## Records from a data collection
>>>
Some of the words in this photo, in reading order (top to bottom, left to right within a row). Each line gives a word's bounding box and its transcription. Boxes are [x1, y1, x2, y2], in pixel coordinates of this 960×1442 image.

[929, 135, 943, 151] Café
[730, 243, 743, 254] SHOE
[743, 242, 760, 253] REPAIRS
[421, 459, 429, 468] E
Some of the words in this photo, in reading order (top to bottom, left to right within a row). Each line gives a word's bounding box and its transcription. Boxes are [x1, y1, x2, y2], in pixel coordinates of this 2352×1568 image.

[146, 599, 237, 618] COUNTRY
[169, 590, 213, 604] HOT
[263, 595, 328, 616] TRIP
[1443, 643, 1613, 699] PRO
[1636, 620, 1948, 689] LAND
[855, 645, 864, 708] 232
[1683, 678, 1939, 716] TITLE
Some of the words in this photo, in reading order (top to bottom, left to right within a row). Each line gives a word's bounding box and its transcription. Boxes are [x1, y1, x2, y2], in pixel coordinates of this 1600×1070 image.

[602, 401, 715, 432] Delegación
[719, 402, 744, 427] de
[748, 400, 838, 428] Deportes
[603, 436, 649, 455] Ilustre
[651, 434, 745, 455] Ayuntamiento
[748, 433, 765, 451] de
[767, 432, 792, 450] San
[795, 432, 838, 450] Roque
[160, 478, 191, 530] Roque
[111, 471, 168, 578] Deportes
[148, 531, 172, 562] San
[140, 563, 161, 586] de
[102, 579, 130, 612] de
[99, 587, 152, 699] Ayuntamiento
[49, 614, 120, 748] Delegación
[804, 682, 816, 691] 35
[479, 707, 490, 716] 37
<<<
## What the exercise asks
Each line from the one containing "this 2352×1568 image." to the end of the records should be echoed exactly, and no other line.

## Completed task
Some of the words in this photo, in reading order (top to bottom, left to right within a row). Each line gives a word's bounding box and its transcription. Boxes are [x1, y1, x2, y2], in pixel coordinates of this 2352×1568 image.

[146, 599, 237, 618] COUNTRY
[169, 590, 213, 604] HOT
[263, 595, 328, 616] TRIP
[1443, 643, 1613, 699] PRO
[1636, 620, 1948, 689] LAND
[855, 645, 864, 708] 232
[1683, 678, 1939, 716] TITLE
Some of the words in this photo, in reading order (top to bottom, left to right within a row). Each line gives a word's bounding box and its transcription. Boxes are [x1, y1, x2, y2], in pixel coordinates of this 1600×1070 image.

[602, 401, 715, 432] Delegación
[719, 402, 744, 427] de
[748, 400, 838, 428] Deportes
[603, 436, 649, 455] Ilustre
[651, 434, 745, 455] Ayuntamiento
[748, 433, 765, 451] de
[767, 432, 792, 450] San
[795, 432, 838, 450] Roque
[160, 478, 191, 530] Roque
[111, 471, 168, 578] Deportes
[148, 531, 172, 562] San
[140, 563, 161, 586] de
[102, 579, 130, 612] de
[99, 587, 152, 699] Ayuntamiento
[49, 614, 120, 748] Delegación
[804, 682, 816, 691] 35
[479, 707, 490, 716] 37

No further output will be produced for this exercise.